Afaki bir yöntemle bu talebin boyutunu sanal alemde ölçmeye çalıştım…
Arama motorunda “2. Cumhuriyet” için 28 milyon,
“demokratik cumhuriyet” için 6 milyon, ’’cumhuriyeti demokrasiyle taçlandırmak’’ için çeyrek milyon sonuç buldum…
Yüz yıldır cumhuriyetini demokratikleştiremeyen bir ülkeyiz…
Halbuki Türkiye halkı “askeri vesayeti” de yaşadı, “sivil vesayeti” de…
Cami ve kışla parantezlerindeki vesayetler Türkiye’ye özgürlük de getirmedi, refah da…

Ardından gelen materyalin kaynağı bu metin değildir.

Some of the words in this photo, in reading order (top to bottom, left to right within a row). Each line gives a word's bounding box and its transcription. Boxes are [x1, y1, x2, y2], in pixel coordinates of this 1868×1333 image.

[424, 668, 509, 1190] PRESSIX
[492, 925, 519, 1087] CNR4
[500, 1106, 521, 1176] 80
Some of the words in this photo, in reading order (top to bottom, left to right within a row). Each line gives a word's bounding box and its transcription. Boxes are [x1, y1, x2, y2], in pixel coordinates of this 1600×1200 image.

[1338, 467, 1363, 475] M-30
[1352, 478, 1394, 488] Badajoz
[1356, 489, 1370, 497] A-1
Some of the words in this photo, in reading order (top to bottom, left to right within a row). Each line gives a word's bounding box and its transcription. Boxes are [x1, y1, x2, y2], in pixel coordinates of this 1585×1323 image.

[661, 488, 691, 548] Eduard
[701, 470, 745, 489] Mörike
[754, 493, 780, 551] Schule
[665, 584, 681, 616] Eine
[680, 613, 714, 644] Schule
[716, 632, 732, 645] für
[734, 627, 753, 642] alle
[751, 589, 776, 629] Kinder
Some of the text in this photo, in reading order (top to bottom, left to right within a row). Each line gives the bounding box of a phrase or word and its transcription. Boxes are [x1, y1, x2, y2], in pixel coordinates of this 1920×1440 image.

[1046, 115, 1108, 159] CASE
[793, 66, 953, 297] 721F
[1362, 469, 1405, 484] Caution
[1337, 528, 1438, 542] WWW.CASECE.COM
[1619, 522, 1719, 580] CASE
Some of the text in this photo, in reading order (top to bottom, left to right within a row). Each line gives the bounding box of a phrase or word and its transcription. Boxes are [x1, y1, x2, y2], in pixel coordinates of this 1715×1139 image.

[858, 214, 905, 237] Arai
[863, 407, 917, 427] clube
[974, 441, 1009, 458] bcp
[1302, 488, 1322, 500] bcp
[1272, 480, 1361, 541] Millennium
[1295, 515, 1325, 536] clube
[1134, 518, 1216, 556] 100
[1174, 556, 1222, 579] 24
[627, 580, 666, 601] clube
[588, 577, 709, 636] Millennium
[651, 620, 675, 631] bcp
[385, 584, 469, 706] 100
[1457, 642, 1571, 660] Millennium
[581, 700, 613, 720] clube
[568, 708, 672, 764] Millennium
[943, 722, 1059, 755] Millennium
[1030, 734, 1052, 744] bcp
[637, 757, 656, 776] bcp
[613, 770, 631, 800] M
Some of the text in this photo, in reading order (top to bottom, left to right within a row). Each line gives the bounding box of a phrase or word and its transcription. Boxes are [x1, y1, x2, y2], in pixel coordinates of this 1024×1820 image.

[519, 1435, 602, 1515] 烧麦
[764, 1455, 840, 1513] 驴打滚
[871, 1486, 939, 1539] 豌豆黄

Gerçekten artık şimdi demokrasi ve demokratikleşme zamanı…
Yeniden inşa zamanı…
xxx
HDP bu hafta sonu İstanbul’da “Demokratik Cumhuriyet” konferansı çok önemli bir iş yaptı…
Kürt sorunu çözülmedikçe, Türkiye’nin demokratikleşemeyeceği bilinci etrafında çareler aranmasına siyaseten öncülük etti…
Yeniden inşa aranışına çok uygun bir zeminde ilk adımı attı.
Çürüme ve siyasal çöküş bize bir yandan da yeniden inşa için tarihsel bir fırsat doğurmakta…
Konferansın en önemli yanı mevcut siyasal iktidar tarafından baskılarla kasten kopartılmış olan aydınlar ile siyaset kurumu arasındaki bağı yeniden kurması oldu…
Aydınlar ile bağı kopmuş bir siyasetin zaten yenilenmesi söz konusu olamaz…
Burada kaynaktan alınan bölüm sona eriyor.